TASK MATERIAL START

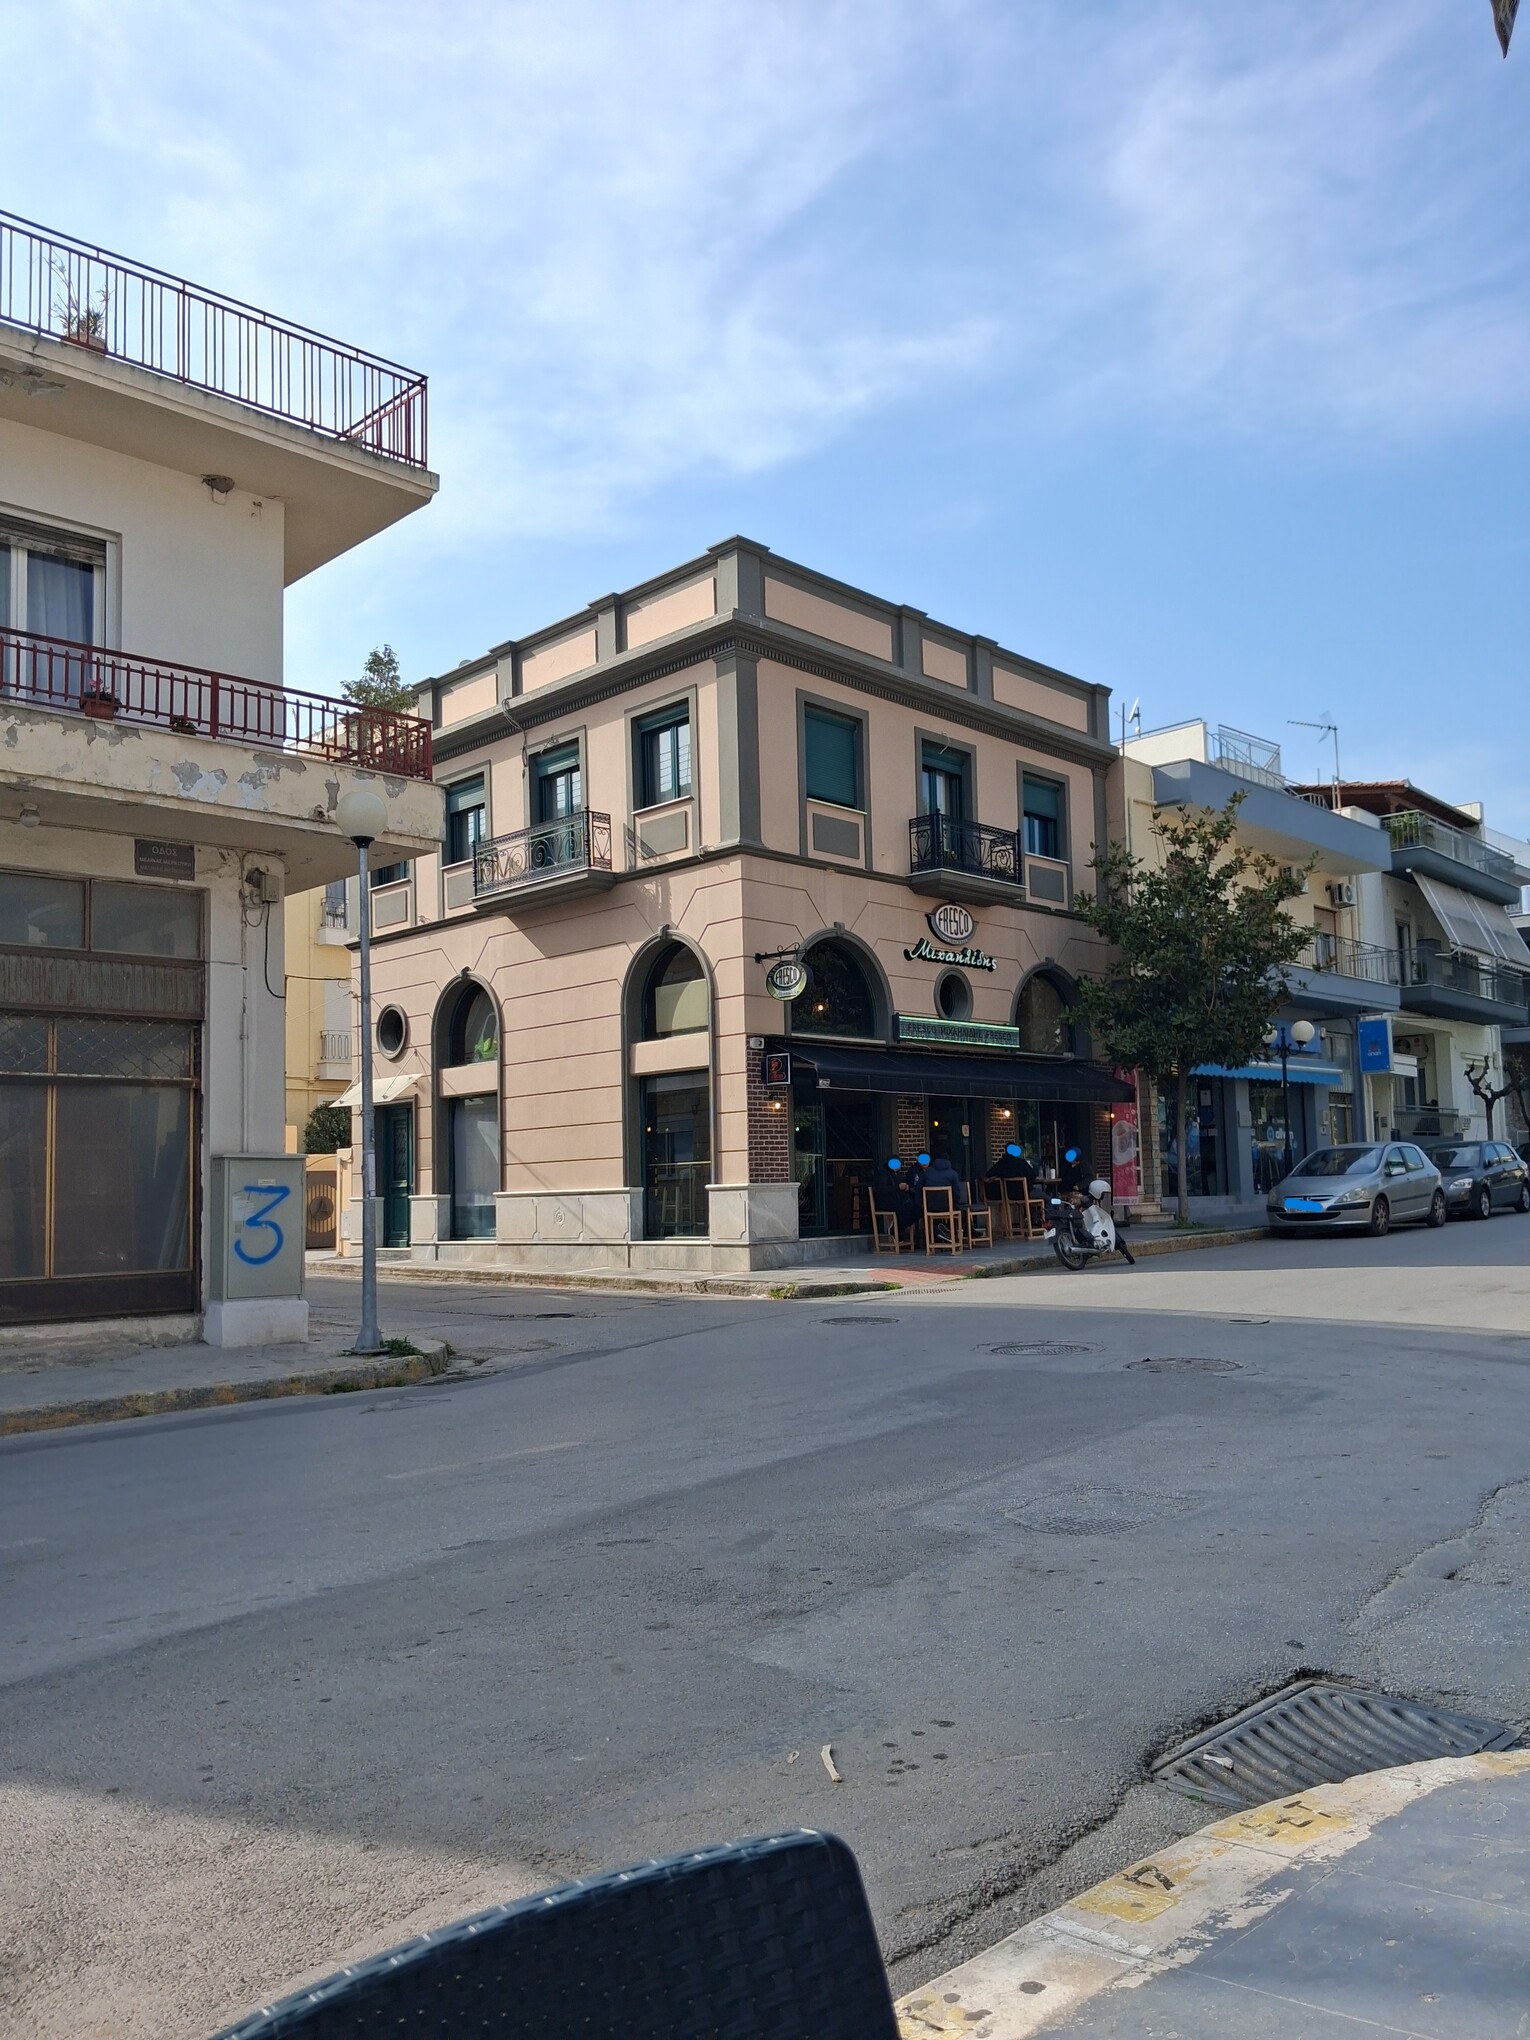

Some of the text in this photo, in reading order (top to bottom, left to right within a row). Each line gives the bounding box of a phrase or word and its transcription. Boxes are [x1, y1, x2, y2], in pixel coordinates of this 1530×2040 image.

[152, 846, 178, 857] ΟΔΟΣ
[938, 907, 969, 936] FRESCO
[775, 966, 799, 985] FRESCO
[908, 1023, 937, 1034] FRESCO
[985, 1030, 1012, 1040] FRESCO
[234, 1186, 290, 1265] 3
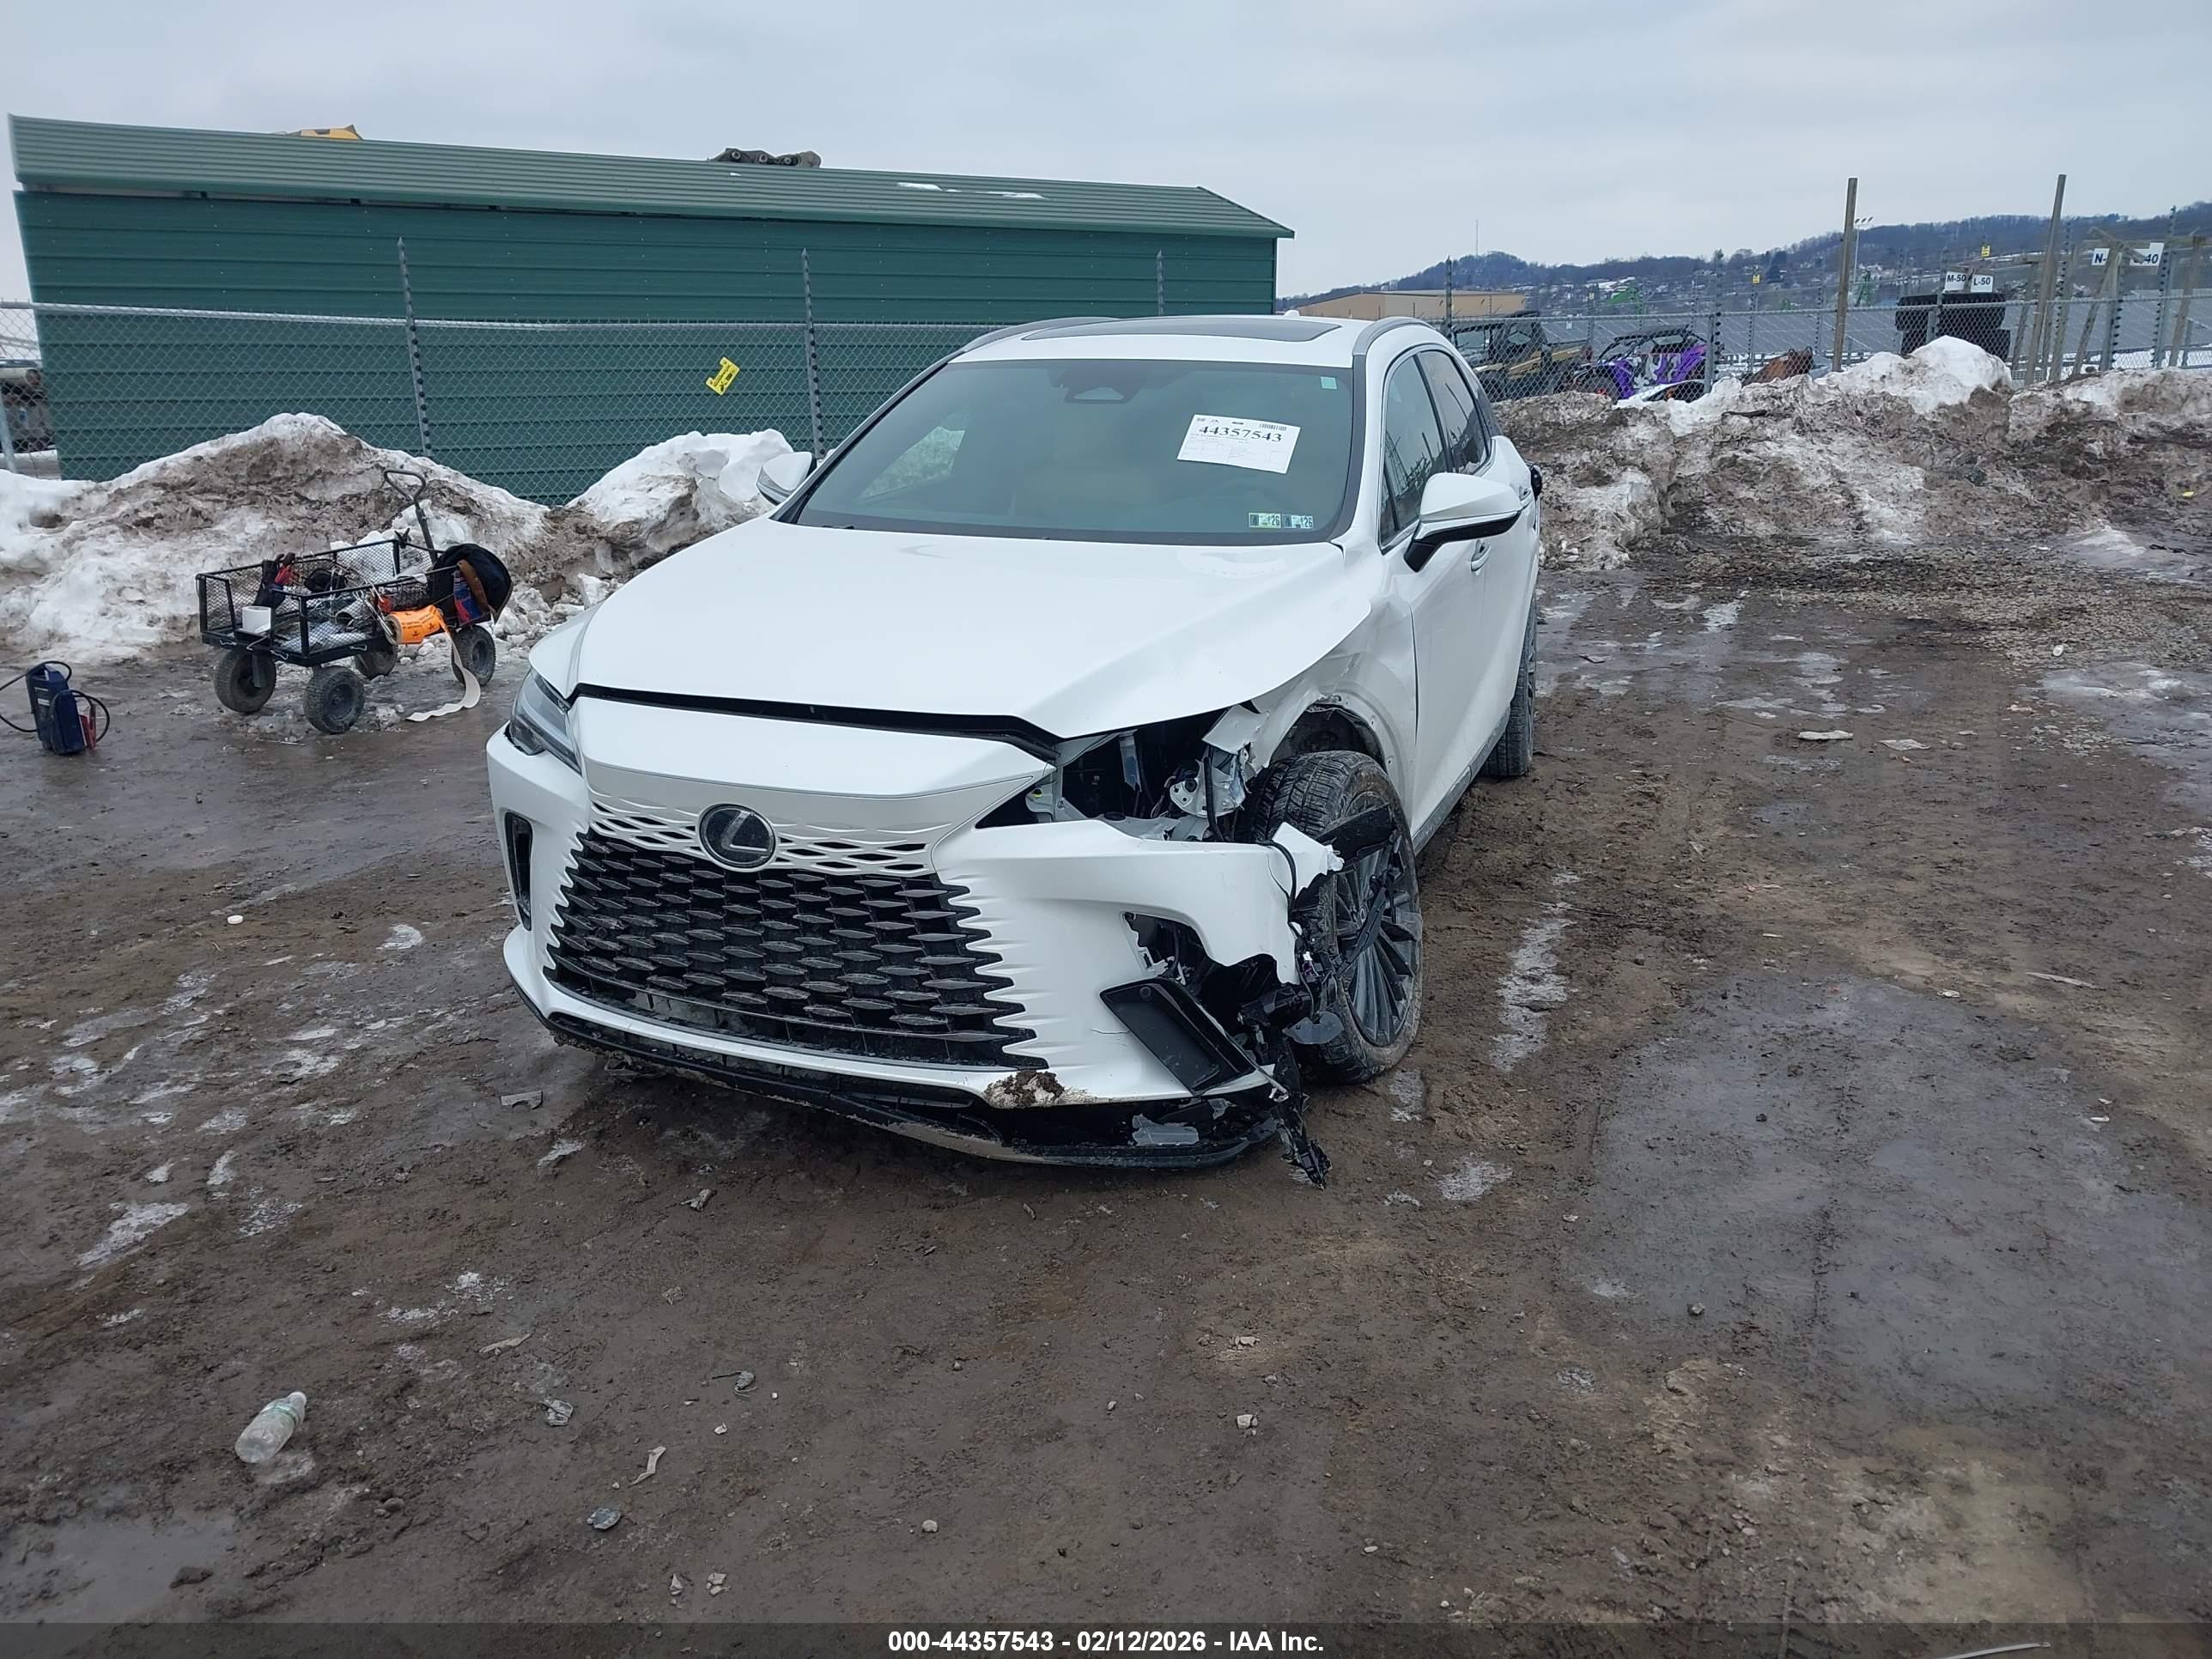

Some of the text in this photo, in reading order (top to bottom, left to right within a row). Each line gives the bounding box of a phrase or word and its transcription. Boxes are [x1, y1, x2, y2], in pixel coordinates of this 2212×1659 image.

[1973, 276, 1990, 286] L-50
[1199, 426, 1282, 442] 44357543
[1304, 517, 1313, 527] 26

TASK MATERIAL END

— INSTRUCTIONS FOR THE TASK —
A word-for-word transcript of the entries above is needed, with pictures removed.

— EXERCISE RESULT —
Some of the text in this photo, in reading order (top to bottom, left to right within a row). Each line gives the bounding box of a phrase or word and its transcription. Boxes are [x1, y1, x2, y2], in pixel coordinates of this 1530×2040 image.

[152, 846, 178, 857] ΟΔΟΣ
[938, 907, 969, 936] FRESCO
[775, 966, 799, 985] FRESCO
[908, 1023, 937, 1034] FRESCO
[985, 1030, 1012, 1040] FRESCO
[234, 1186, 290, 1265] 3

Some of the text in this photo, in reading order (top to bottom, left to right within a row). Each line gives the bounding box of a phrase or word and its transcription. Boxes are [x1, y1, x2, y2], in pixel coordinates of this 2212×1659 image.

[1973, 276, 1990, 286] L-50
[1199, 426, 1282, 442] 44357543
[1304, 517, 1313, 527] 26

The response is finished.